- [The problem]:
Repeat the following entries verbatim, apart from the pictures.

- [Data section]:
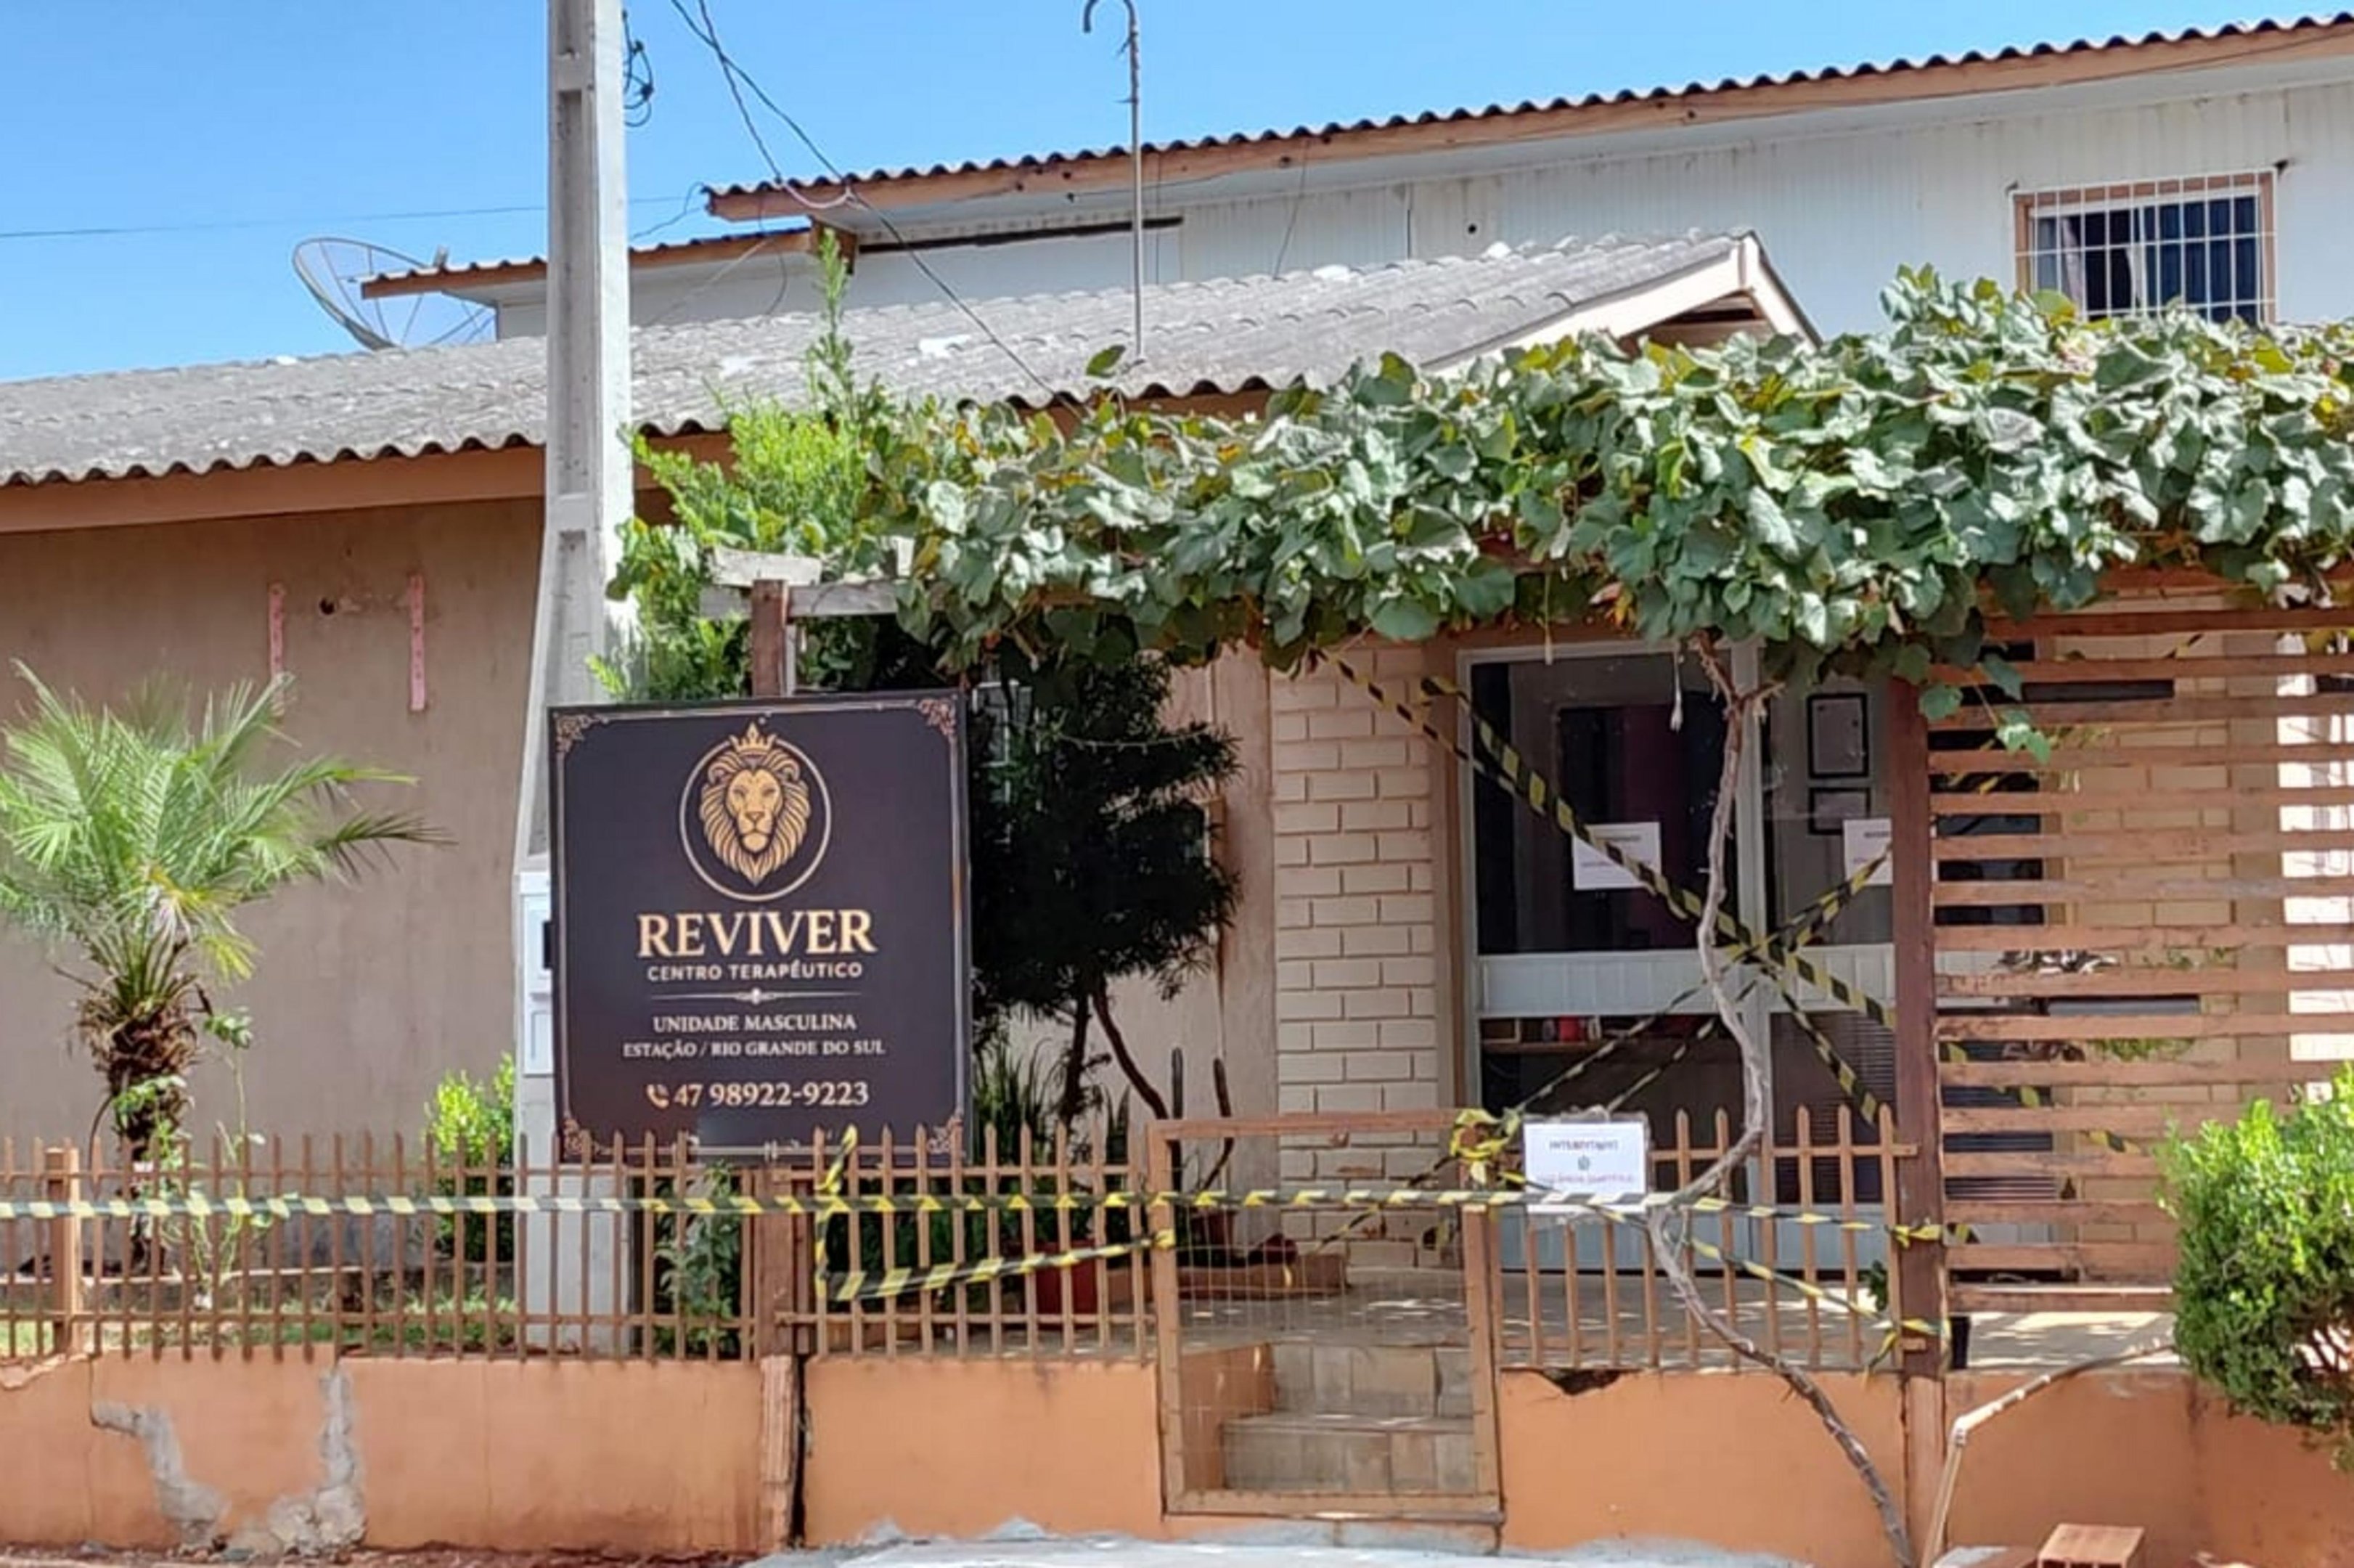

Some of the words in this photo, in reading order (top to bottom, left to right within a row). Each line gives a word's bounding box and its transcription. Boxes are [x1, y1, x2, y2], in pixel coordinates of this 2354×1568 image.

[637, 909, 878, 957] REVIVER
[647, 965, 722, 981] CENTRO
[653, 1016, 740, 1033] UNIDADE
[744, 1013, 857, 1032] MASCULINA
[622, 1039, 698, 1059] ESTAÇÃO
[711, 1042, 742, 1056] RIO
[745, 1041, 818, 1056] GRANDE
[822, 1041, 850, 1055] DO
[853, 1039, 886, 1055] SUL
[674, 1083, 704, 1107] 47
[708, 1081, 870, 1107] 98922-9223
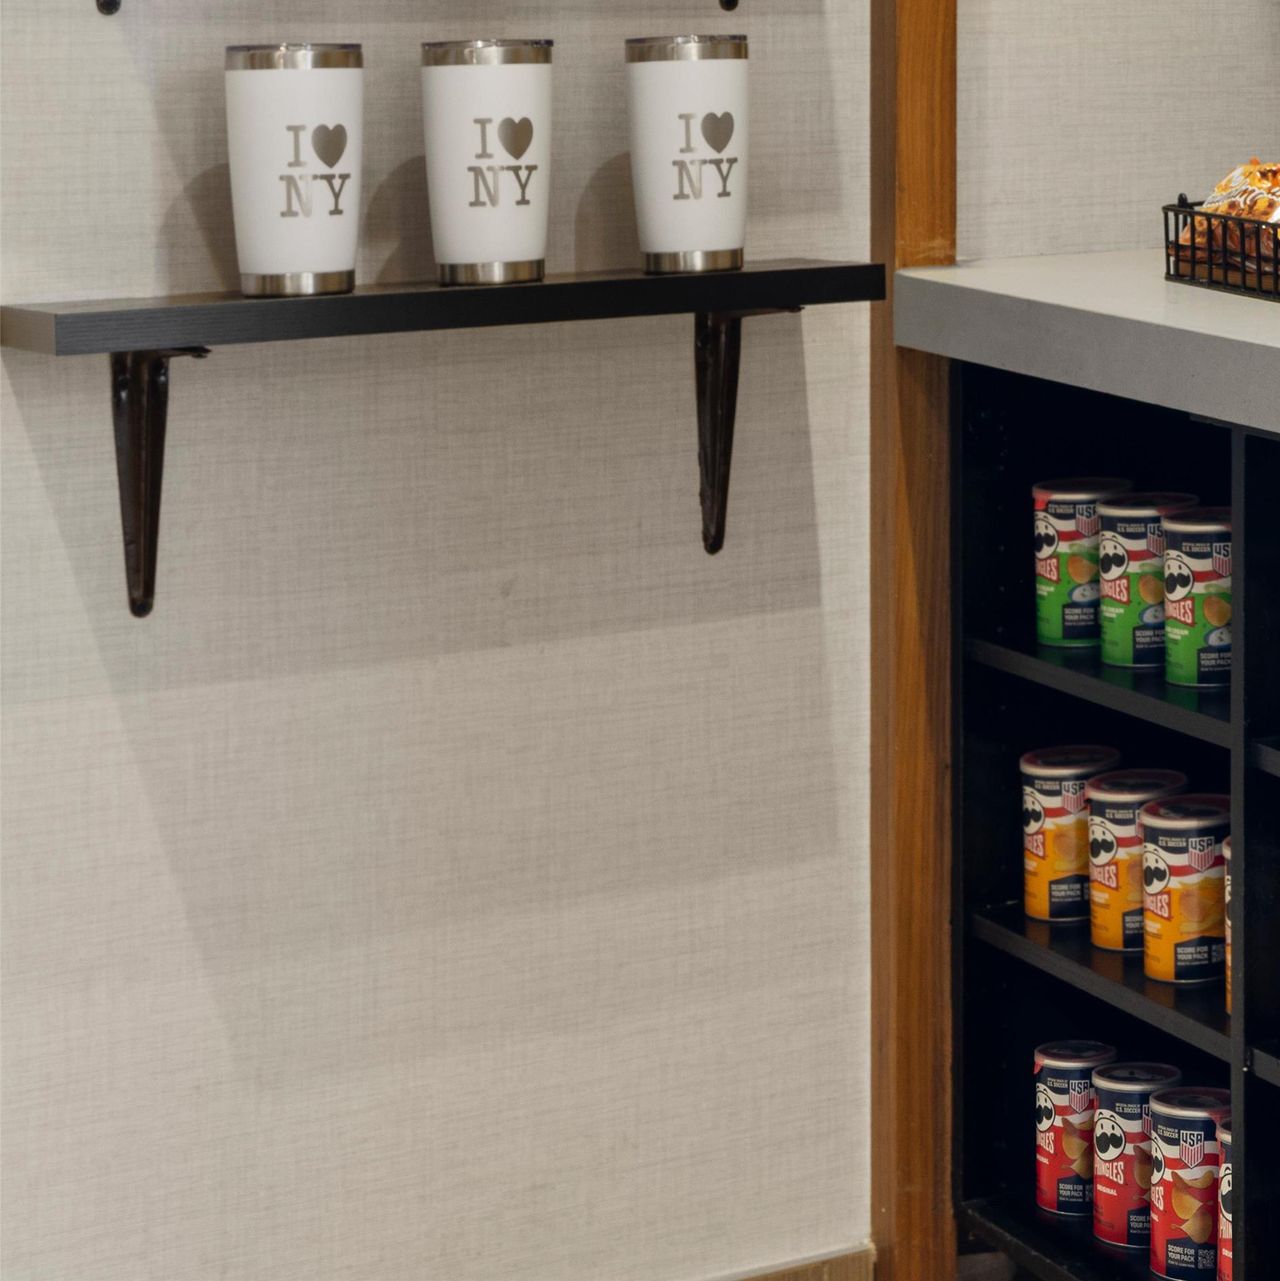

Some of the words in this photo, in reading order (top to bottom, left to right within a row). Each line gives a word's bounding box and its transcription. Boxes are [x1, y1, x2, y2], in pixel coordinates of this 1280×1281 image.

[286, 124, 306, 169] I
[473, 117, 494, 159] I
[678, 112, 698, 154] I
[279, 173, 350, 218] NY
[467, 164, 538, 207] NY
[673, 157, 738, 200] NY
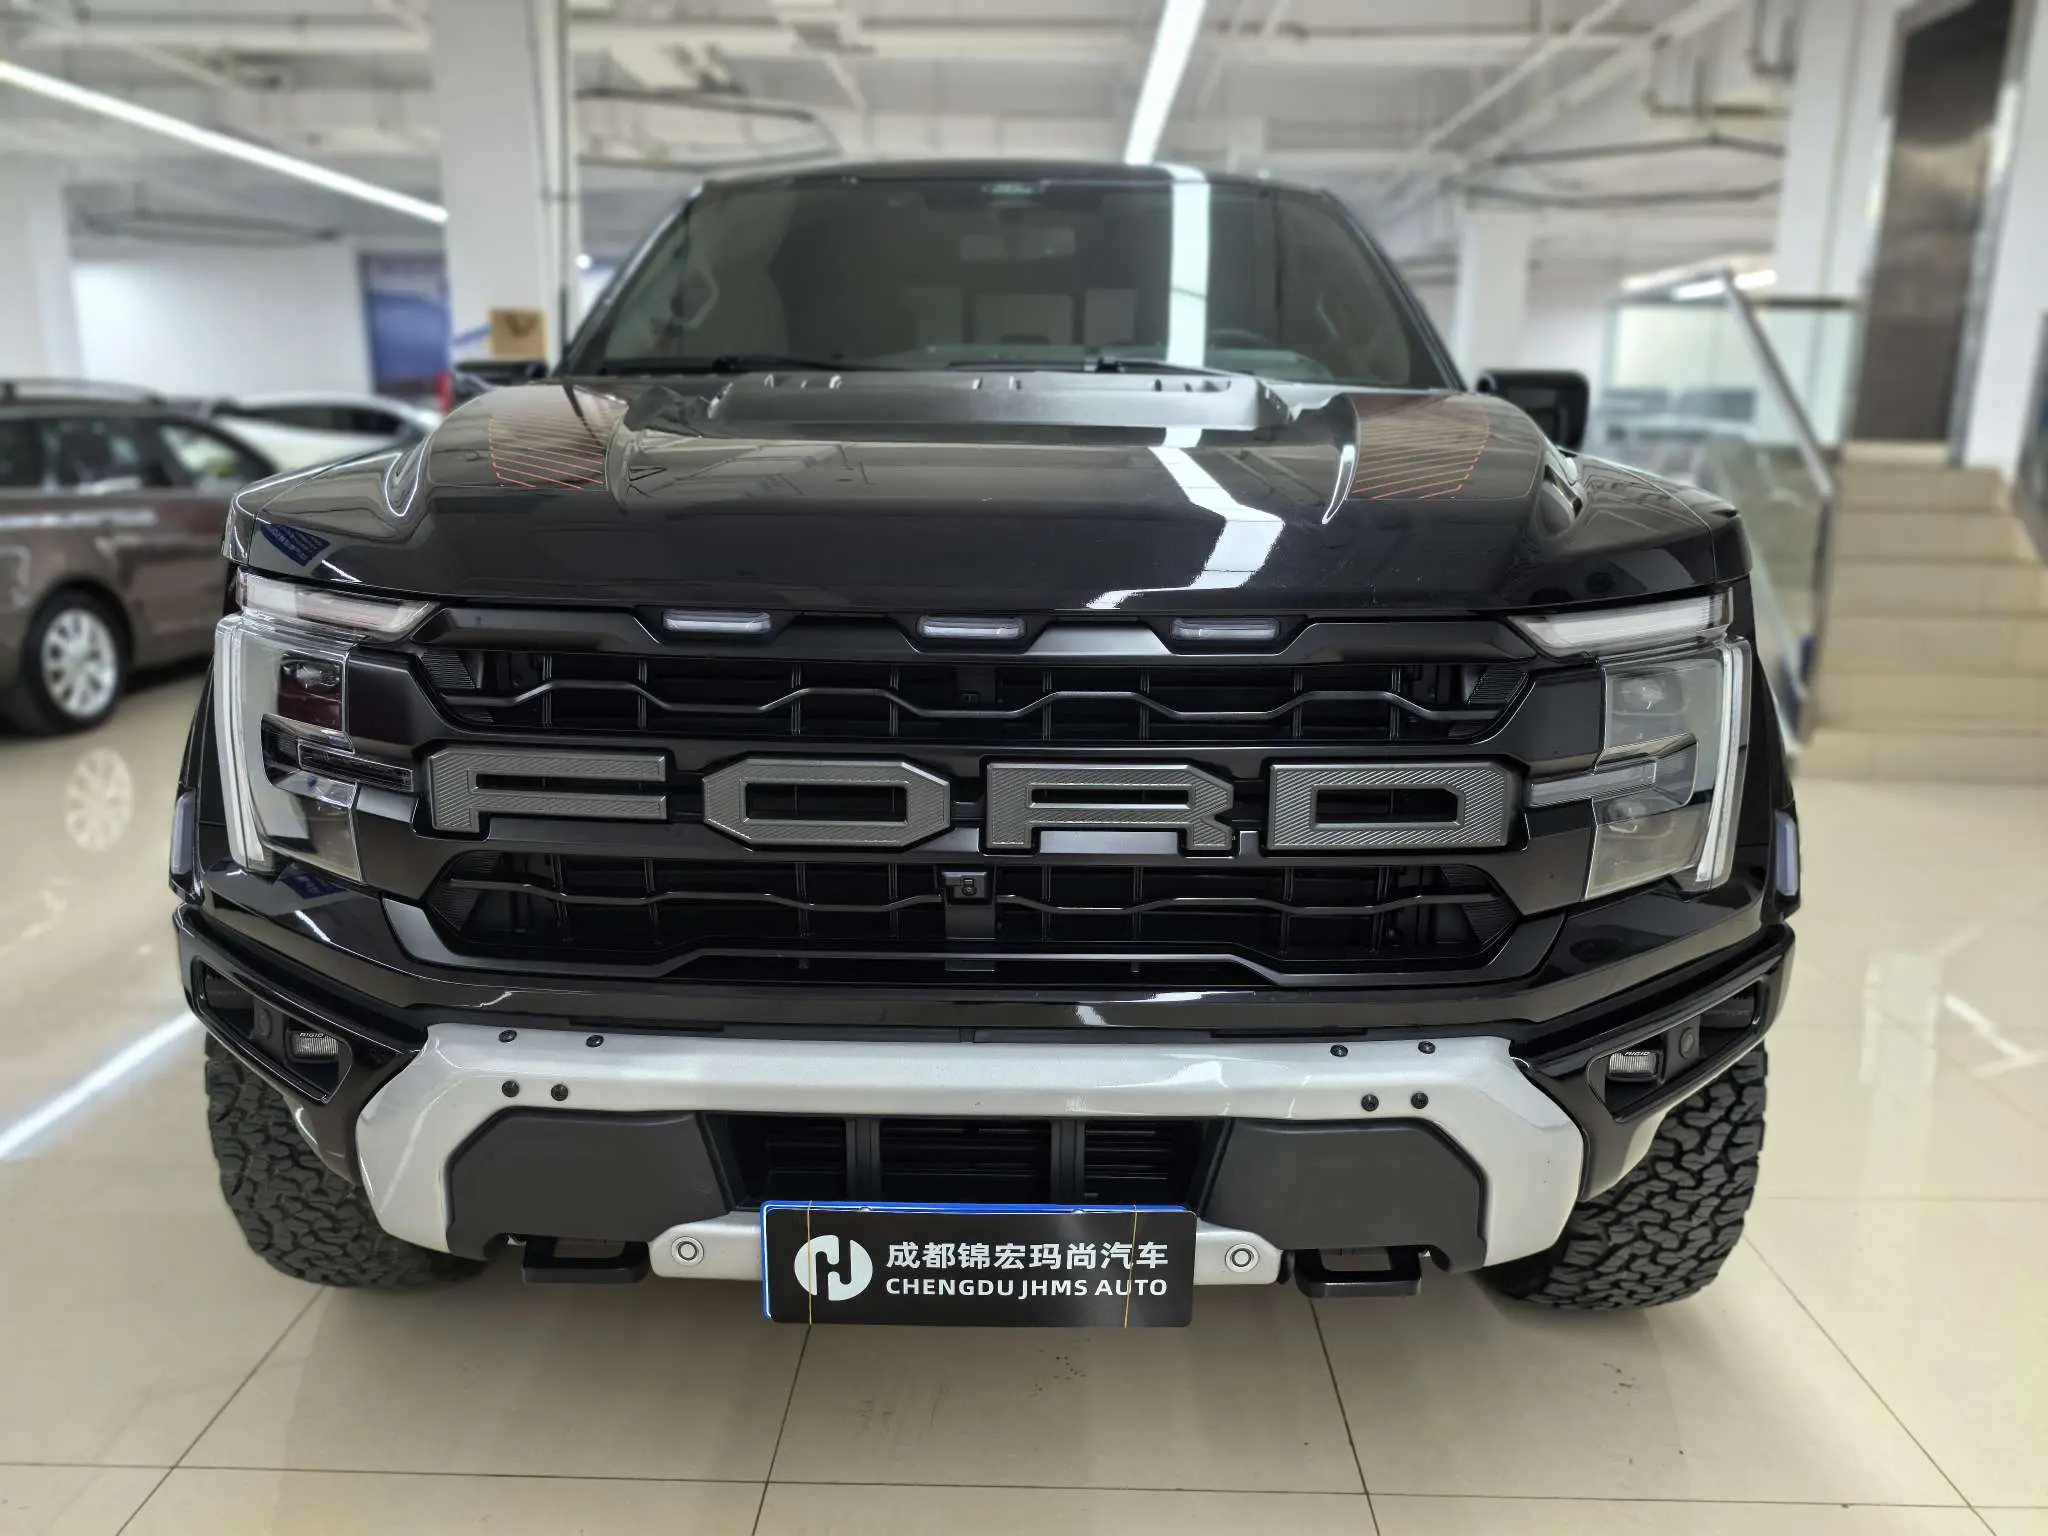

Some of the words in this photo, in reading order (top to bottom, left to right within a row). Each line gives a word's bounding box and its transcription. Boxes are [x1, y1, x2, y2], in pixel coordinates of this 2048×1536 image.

- [Task solution]:
Some of the words in this photo, in reading order (top to bottom, left to right within a row). Each line gives a word's bounding box and its transcription. Boxes are [x1, y1, x2, y2], in pixel coordinates of this 2354×1568 image.

[637, 909, 878, 957] REVIVER
[647, 965, 722, 981] CENTRO
[653, 1016, 740, 1033] UNIDADE
[744, 1013, 857, 1032] MASCULINA
[622, 1039, 698, 1059] ESTAÇÃO
[711, 1042, 742, 1056] RIO
[745, 1041, 818, 1056] GRANDE
[822, 1041, 850, 1055] DO
[853, 1039, 886, 1055] SUL
[674, 1083, 704, 1107] 47
[708, 1081, 870, 1107] 98922-9223

Some of the words in this photo, in reading order (top to bottom, left to right within a row). Each line gives a word's bounding box and its transcription. Boxes are [x1, y1, x2, y2], in pixel coordinates of this 1280×1281 image.

[286, 124, 306, 169] I
[473, 117, 494, 159] I
[678, 112, 698, 154] I
[279, 173, 350, 218] NY
[467, 164, 538, 207] NY
[673, 157, 738, 200] NY

Some of the words in this photo, in reading order (top to bottom, left to right within a row). Each line gives a word's bounding box and its transcription. Boxes are [x1, y1, x2, y2], in pixel coordinates of this 2048×1536 image.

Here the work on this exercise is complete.